9/28/2011

Chinese Palace Cuisine

Palace, vegetarian, and medicinal dishes are categorized a special cuisine.
Palace cuisine originated from the imperial kitchens, where dishes for emperors and empresses were cooked. Palace dishes are made from carefully selected ingredients and cooked with great care. Different dishes are made for different seasons. Cutting methods are exquisite. Diners eat according to traditional procedures.
Vegetarian cuisine: Vegetarian cuisine became popular in the Song Dynasty (960-1279) and developed further in the Ming and Qing(1368-1911) dynasties. Three divisions of vegetarian cuisine—temple, palace, and folk- appeared during that time.

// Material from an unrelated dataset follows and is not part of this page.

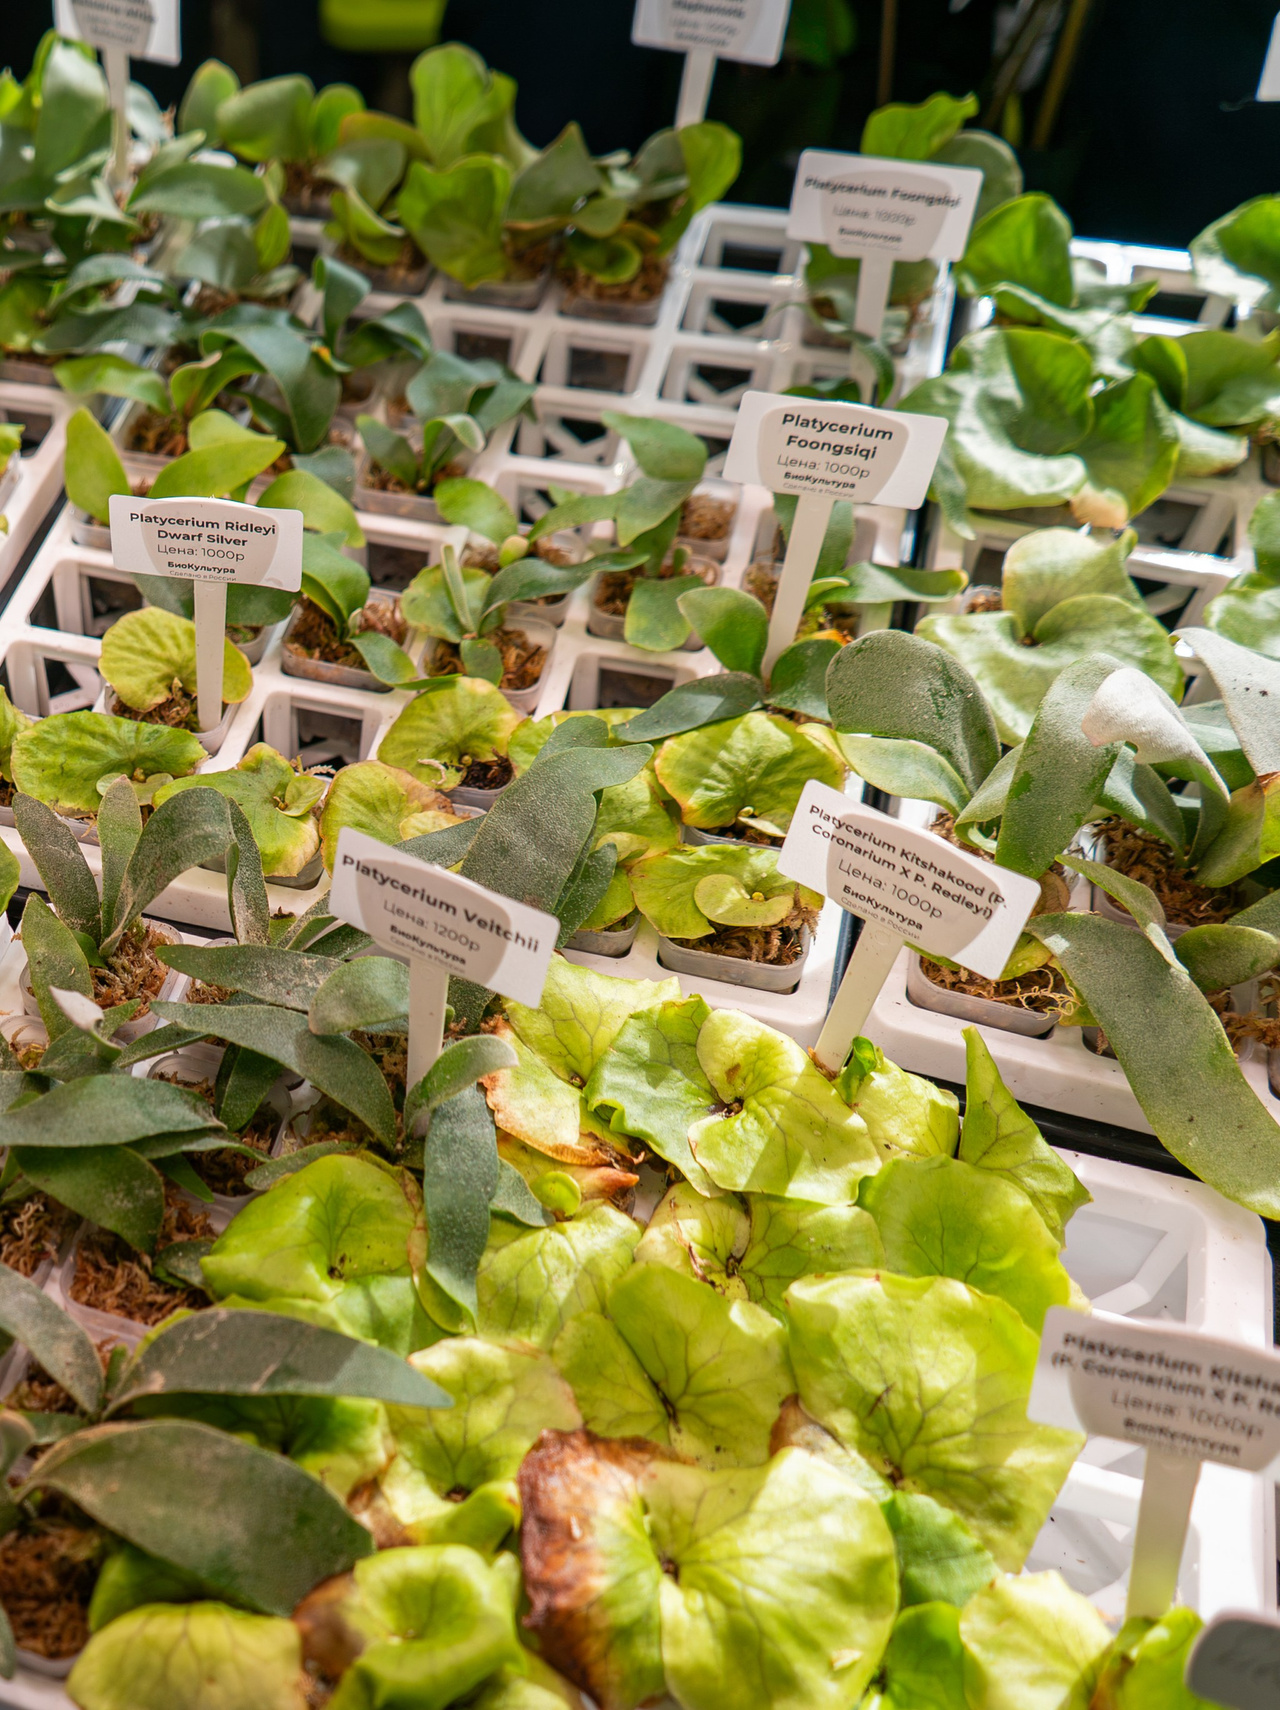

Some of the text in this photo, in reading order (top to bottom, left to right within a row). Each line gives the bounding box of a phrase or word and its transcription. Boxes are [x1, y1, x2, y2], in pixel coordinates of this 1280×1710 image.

Made of green vegetables, fruits, edible fungi, and bean products, and cooked in vegetable oil, vegetarian dishes are tasty, nourishing, and highly digestible, and they help the body resist cancer. They are cooked in various ways, and some taste like meat. Famous dishes include "chicken", mushrooms and gluten, "meat" braised in soy sauce and spices, "ham" with mixed vegetables, hot and sour spices, "fish" with Chinese toon, "shrimp," and dried "meat" strips.
Muslim dishes became popular at the time when Islam spread to China, inheriting the cooking tradition of the nomadic peoples in ancient north-western and north-eastern China. The most representative dishes include instant-boiled mutton, fried rice with mutton, dumplings with filling of mutton, cakes braised with mutton, and beef-entrails soup.

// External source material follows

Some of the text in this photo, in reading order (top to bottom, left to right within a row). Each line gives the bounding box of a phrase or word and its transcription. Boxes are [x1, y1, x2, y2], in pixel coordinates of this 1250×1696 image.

Medicinal cuisine: Also called therapeutic food, medicinal cuisine is an important part of Chinese cooking. Master Chefs have developed many food therapies by combining cookery and traditional Chinese medicine. Famous medicinal dishes include lily and chicken soup, shrimp meat with pearl powder, tianfu carp, duck braised with soy sauce and orange peel, and steamed dumplings stuffed with minced meat and podia cocoas, a medicinal plant.
Other famous cuisine includes Confucian dishes, Tan's dishes and full formal banquet cuisine, combining Manchurian and Chinese delicacies (Manhan Quanxi).